Image-backed grounding data -
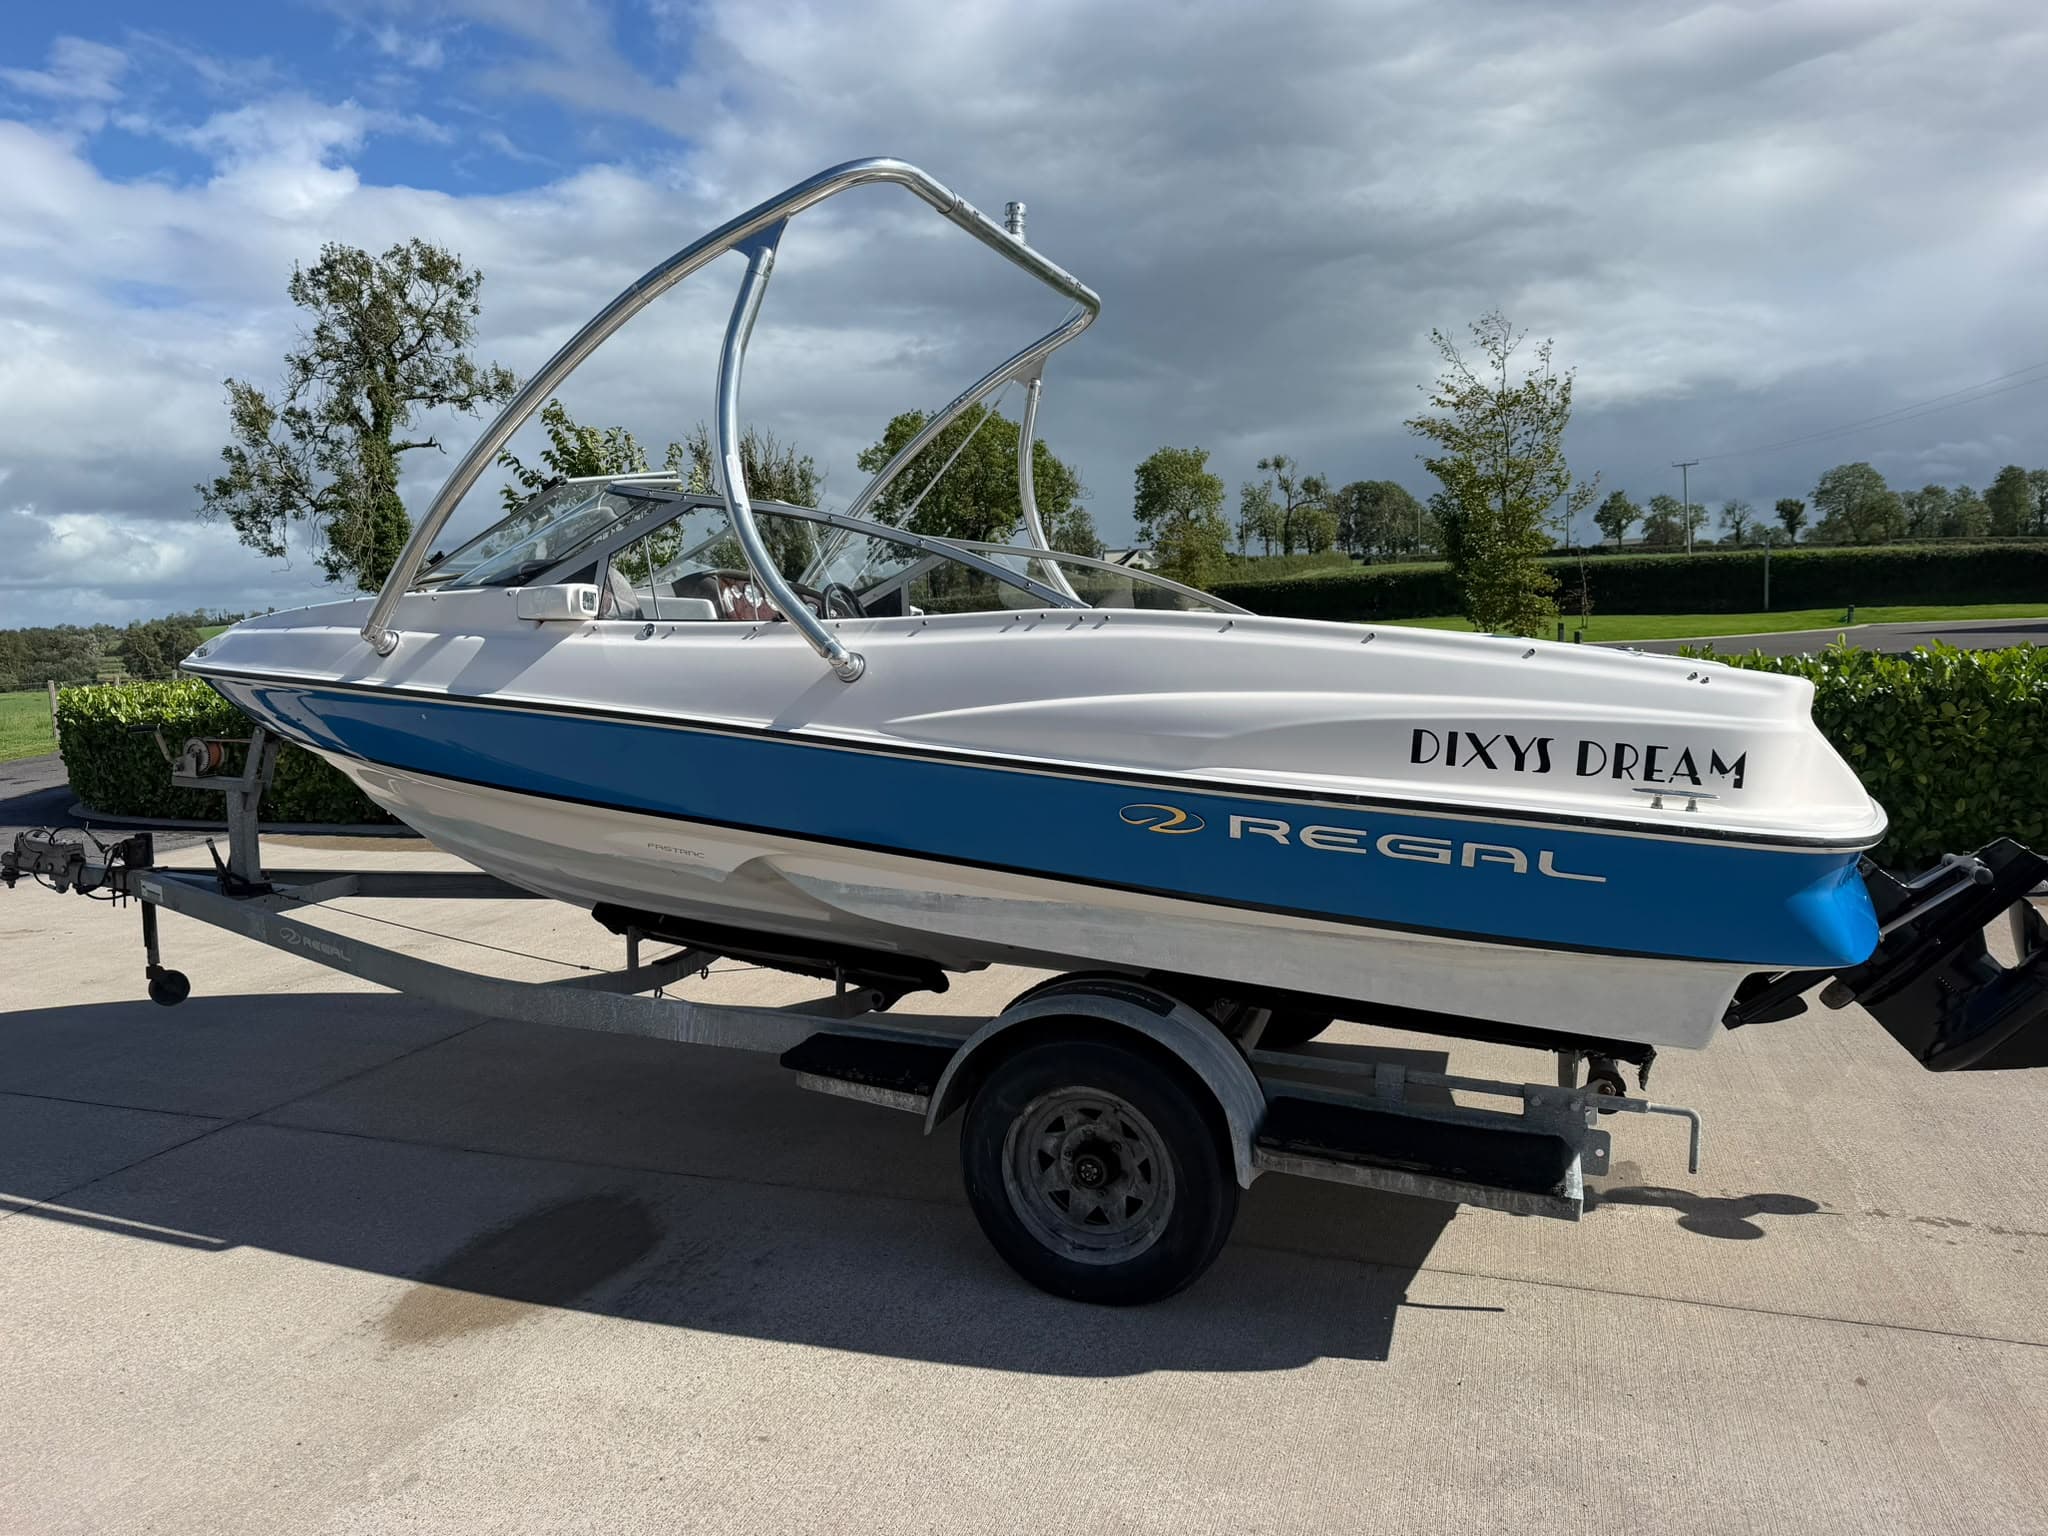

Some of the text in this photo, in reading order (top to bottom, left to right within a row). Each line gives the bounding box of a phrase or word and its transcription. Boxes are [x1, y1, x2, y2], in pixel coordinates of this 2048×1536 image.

[1410, 728, 1748, 790] DIXYS DREAM
[1228, 814, 1607, 883] REGAL
[302, 935, 352, 962] REGAL
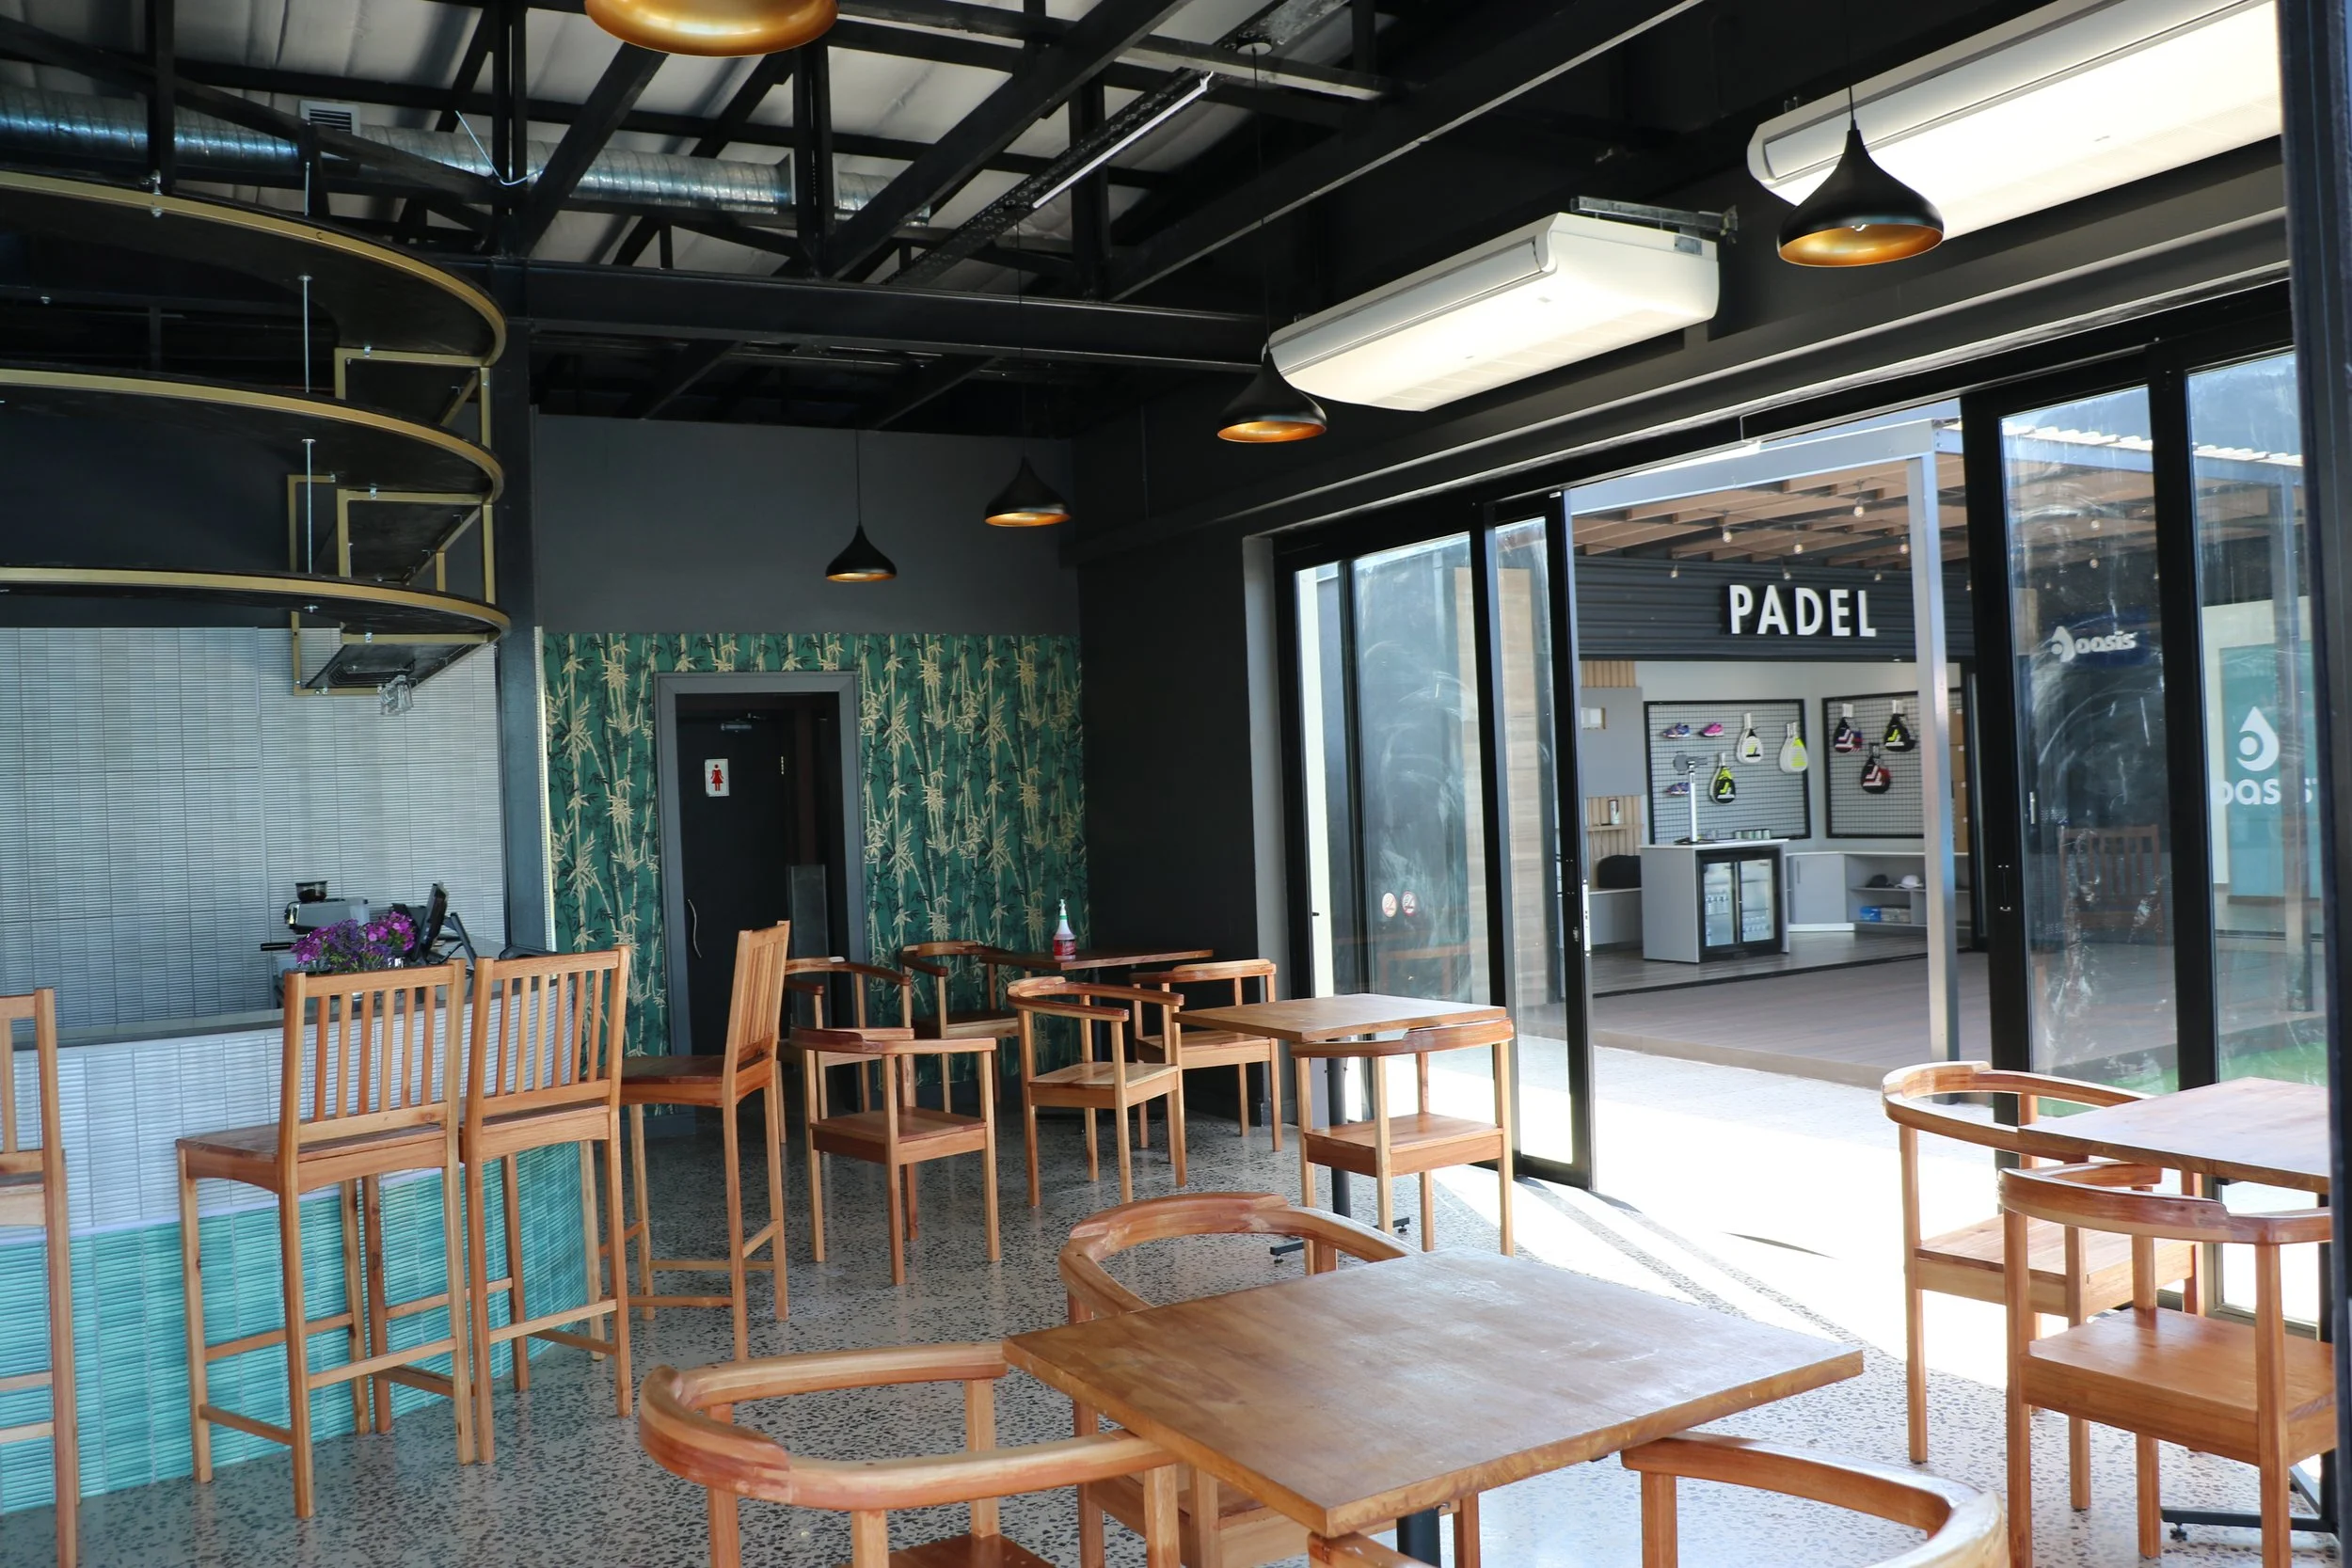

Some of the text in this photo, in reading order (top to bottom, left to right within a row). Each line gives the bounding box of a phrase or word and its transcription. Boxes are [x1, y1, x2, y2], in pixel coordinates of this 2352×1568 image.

[1729, 585, 1877, 637] PADEL
[2075, 631, 2137, 654] oasis
[2210, 778, 2313, 805] oas

WHAT YOU SHOULD DO - Write out all of the data above exactly, pictures excluded.

ANSWER SPACE -
Some of the text in this photo, in reading order (top to bottom, left to right within a row). Each line gives the bounding box of a phrase or word and its transcription. Boxes are [x1, y1, x2, y2], in pixel coordinates of this 2048×1536 image.

[1410, 728, 1748, 790] DIXYS DREAM
[1228, 814, 1607, 883] REGAL
[302, 935, 352, 962] REGAL

Some of the text in this photo, in reading order (top to bottom, left to right within a row). Each line gives the bounding box of a phrase or word and its transcription. Boxes are [x1, y1, x2, y2], in pixel coordinates of this 2352×1568 image.

[1729, 585, 1877, 637] PADEL
[2075, 631, 2137, 654] oasis
[2210, 778, 2313, 805] oas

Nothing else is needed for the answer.